__Activity__. All entries are to be printed again exactly, with their images omitted.

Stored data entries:
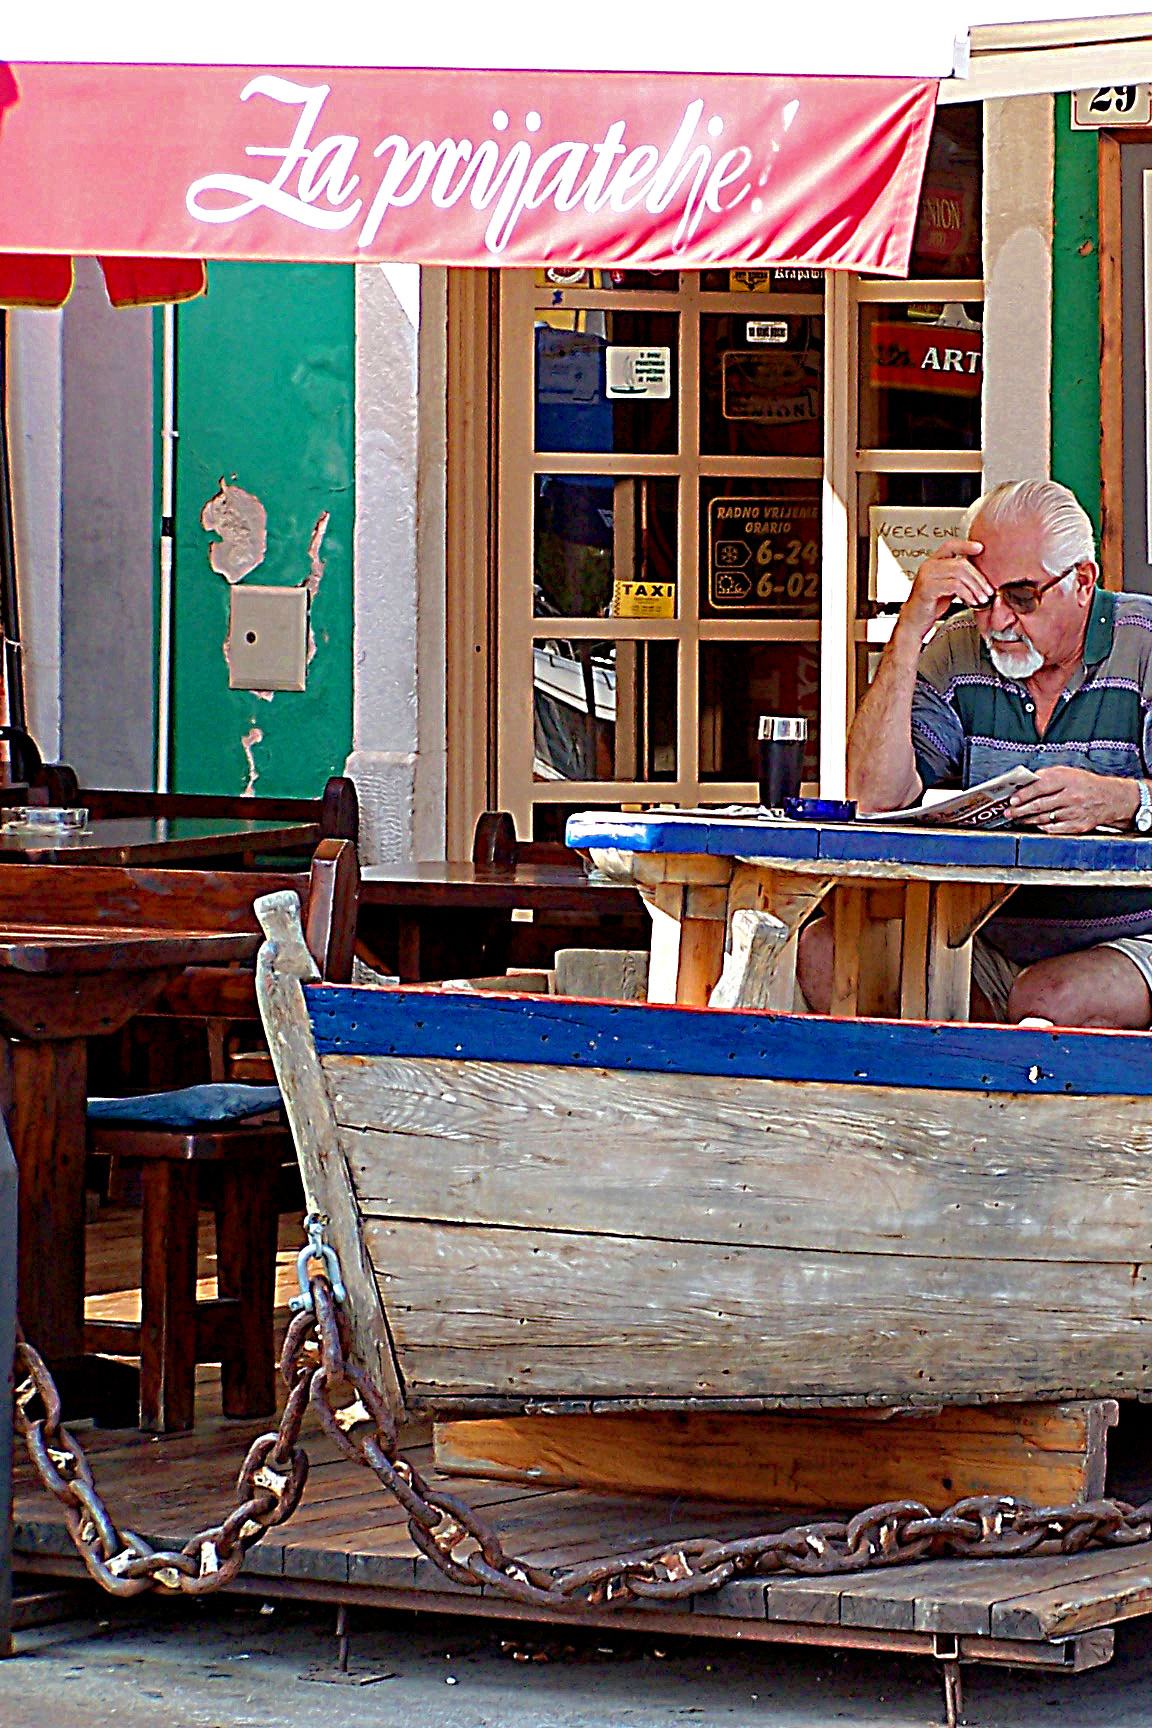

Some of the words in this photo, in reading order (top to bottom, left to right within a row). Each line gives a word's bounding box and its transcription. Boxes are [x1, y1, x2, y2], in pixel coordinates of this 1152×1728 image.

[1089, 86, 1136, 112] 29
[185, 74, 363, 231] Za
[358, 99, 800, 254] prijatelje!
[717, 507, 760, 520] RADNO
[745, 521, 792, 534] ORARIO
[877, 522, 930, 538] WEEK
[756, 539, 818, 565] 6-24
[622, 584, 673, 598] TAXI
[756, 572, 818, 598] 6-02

__Task solution__.
Some of the words in this photo, in reading order (top to bottom, left to right within a row). Each line gives a word's bounding box and its transcription. Boxes are [x1, y1, x2, y2], in pixel coordinates of this 1152×1728 image.

[1089, 86, 1136, 112] 29
[185, 74, 363, 231] Za
[358, 99, 800, 254] prijatelje!
[717, 507, 760, 520] RADNO
[745, 521, 792, 534] ORARIO
[877, 522, 930, 538] WEEK
[756, 539, 818, 565] 6-24
[622, 584, 673, 598] TAXI
[756, 572, 818, 598] 6-02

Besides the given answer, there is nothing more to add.